The Karur rally stampede was not just an accident — it was a spectacle of political calculation. Within hours of the tragedy that claimed over 32 lives, including children and women, the DMK government announced a compensation of ₹10 lakh per family. Convenient? Absolutely.


Stalin is once again turning tragedy into optics, ensuring that every camera and headline points toward him. The orchestrated appearance of minister Senthil balaji at the site is not mere coincidence — it smacks of a carefully planned performance. Every step, every announcement, every rupee disbursed seems designed to keep the narrative tightly in the hands of the ruling party, while the victims’ voices are drowned out.


This is governance or theatre? The question hangs heavy over Karur. When deaths are weighed against political mileage, it’s clear where priorities lie. Compensation is announced before proper rescue, investigation, or accountability — and the nation watches as politics masquerades as empathy.


DMK’s Karur strategy is laid bare: tragedy is an opportunity, optics are everything, and lives are mere footnotes. 


The Karur tragedy was never just a crowd accident — it smells of calculation. Within hours, stalin positioned himself at the epicenter of the tragedy, turning grief into a political stage. minister Senthil Balaji’s sudden appearance at the site? Not luck. Planned optics. Every rupee of the ₹10 lakh announced compensation? Carefully timed.

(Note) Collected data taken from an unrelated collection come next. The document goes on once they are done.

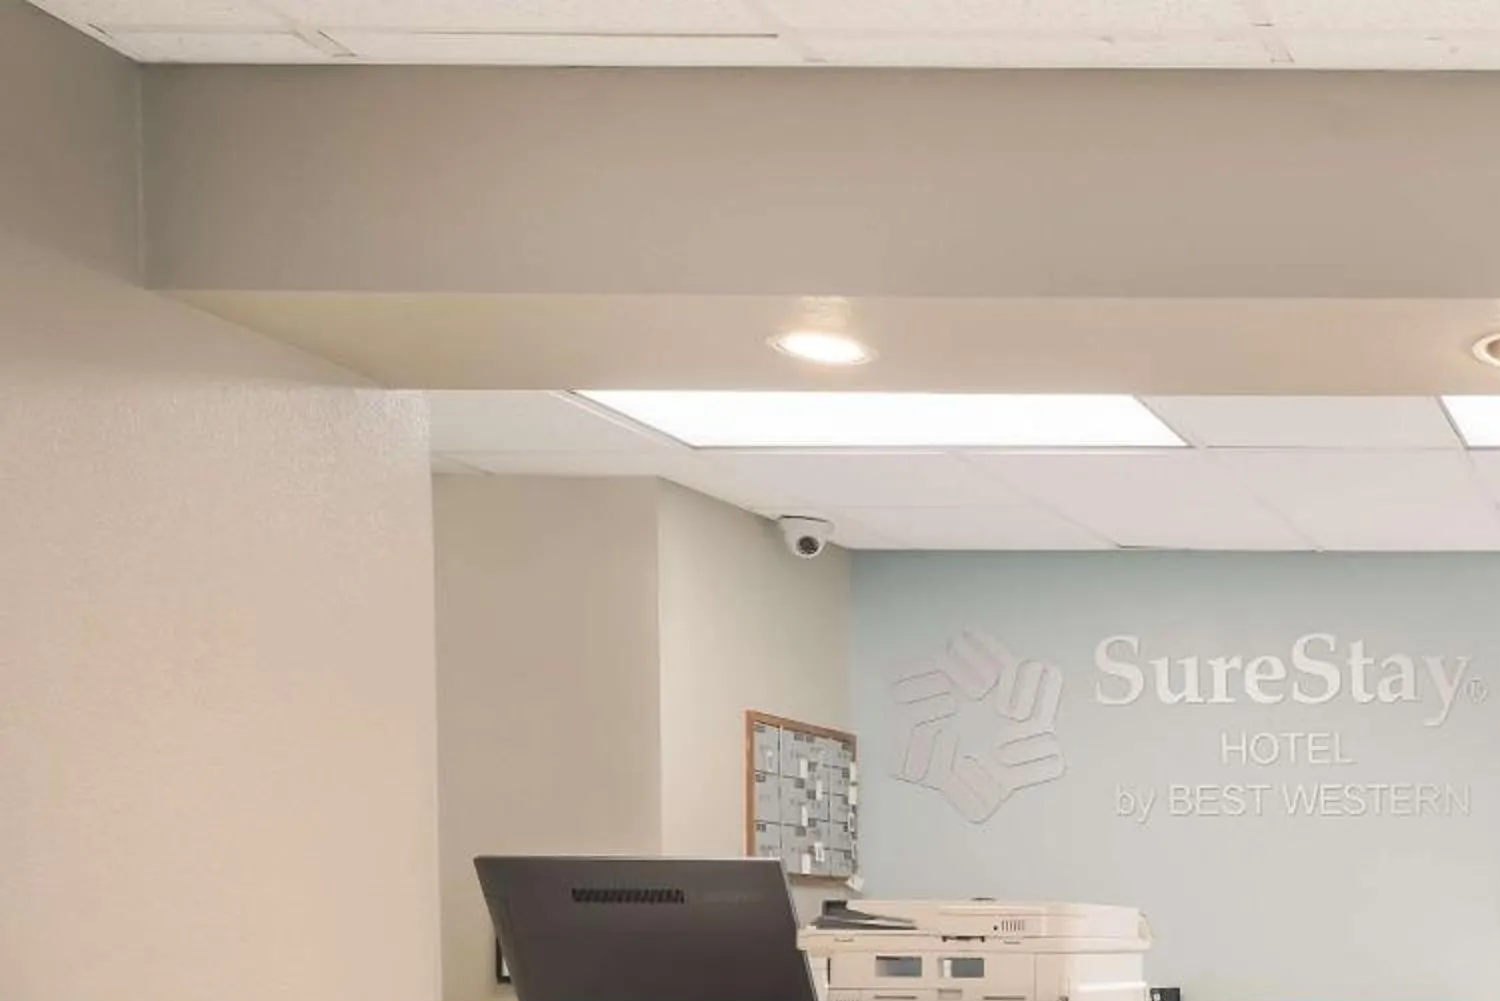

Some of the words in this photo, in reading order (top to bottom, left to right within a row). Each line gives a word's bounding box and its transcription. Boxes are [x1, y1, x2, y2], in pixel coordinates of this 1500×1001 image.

[1220, 732, 1357, 766] HOTEL
[1116, 784, 1155, 823] by
[1169, 783, 1272, 817] BEST
[1282, 782, 1473, 816] WESTERN
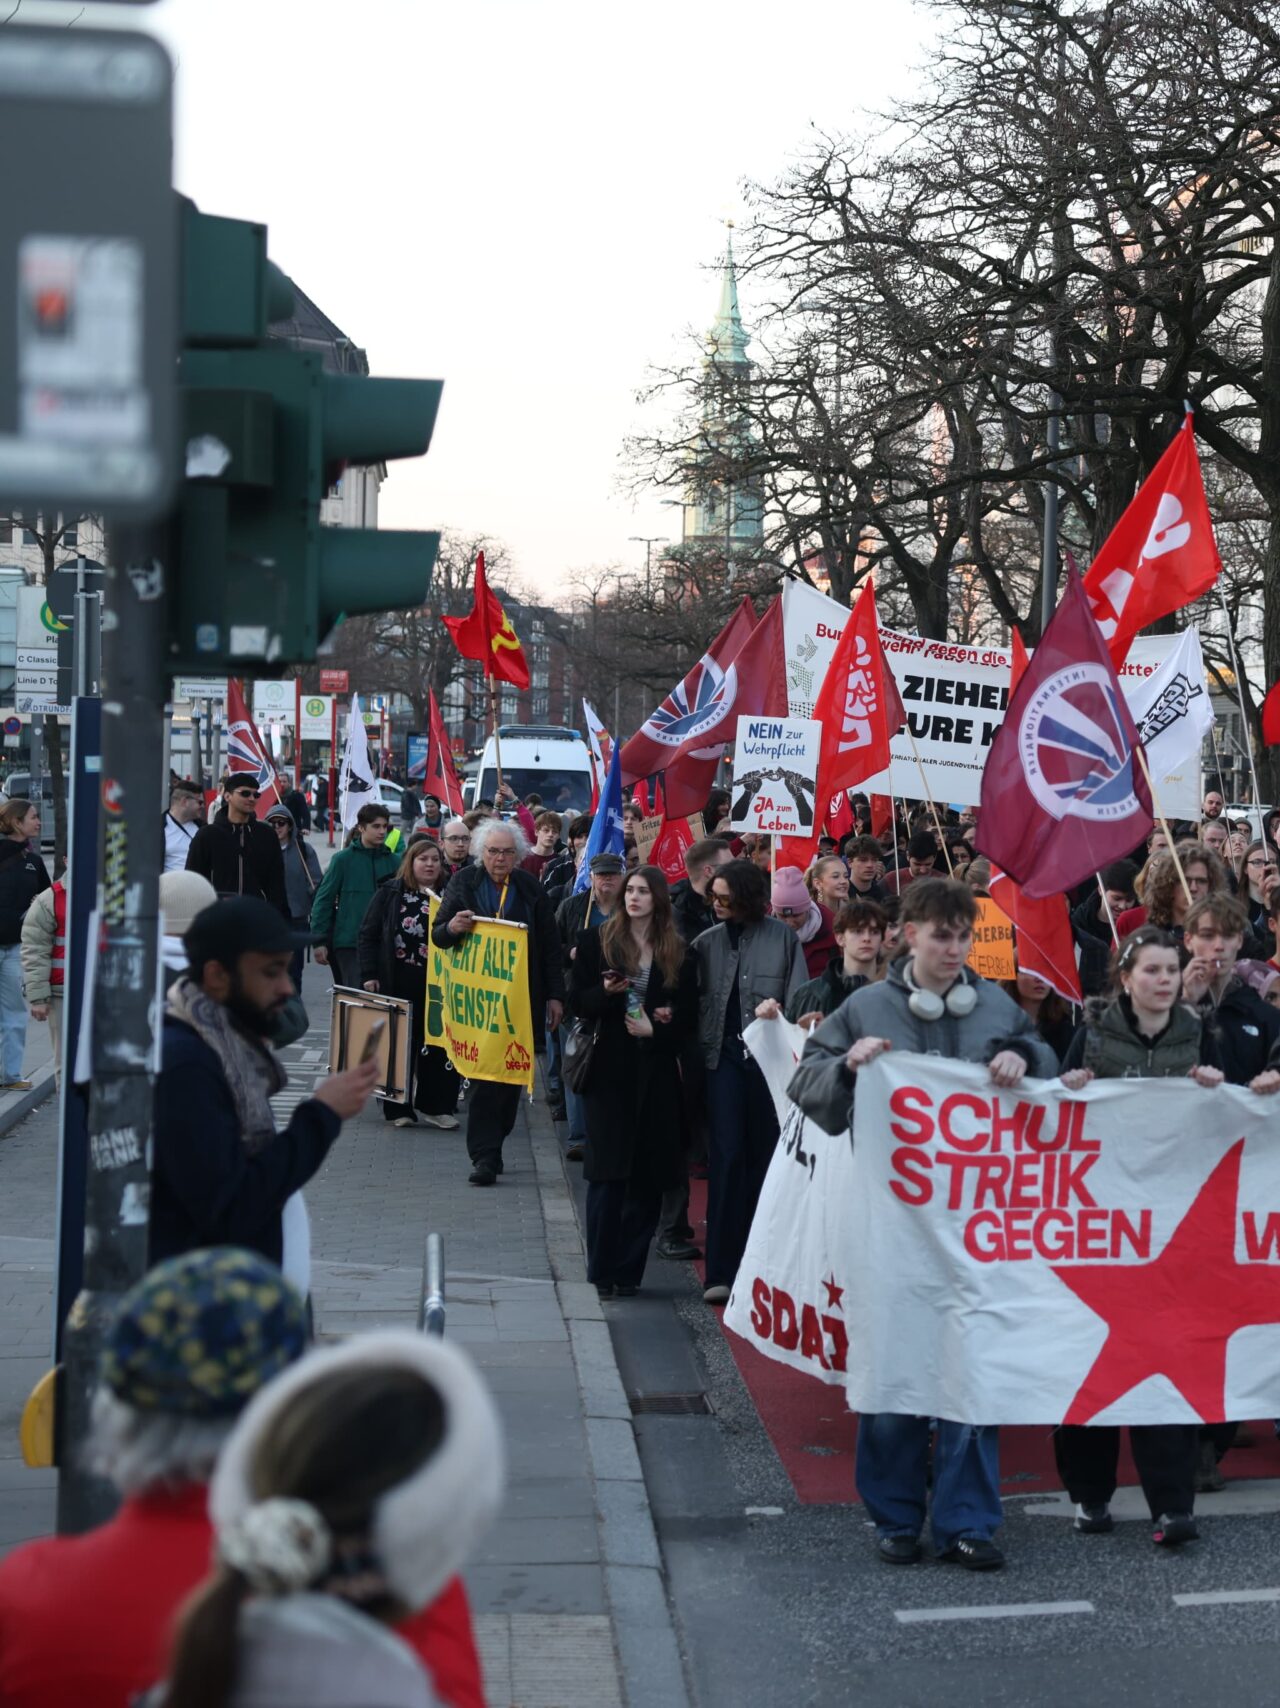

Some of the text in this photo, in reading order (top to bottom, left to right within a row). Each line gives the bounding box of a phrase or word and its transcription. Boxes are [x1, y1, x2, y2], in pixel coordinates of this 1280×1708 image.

And now, even Udhayanidhi is rushing back from dubai — a move that screams coordination. The narrative is clear: every political actor in DMK is executing a choreographed response, as if lives lost were pieces on a board and the tragedy itself was a planned performance.


This isn’t governance; this is a show where human lives are the backdrop and political mileage is the prize. Karur is a warning: when DMK moves, tragedy can be turned into theater, and the dead are the props.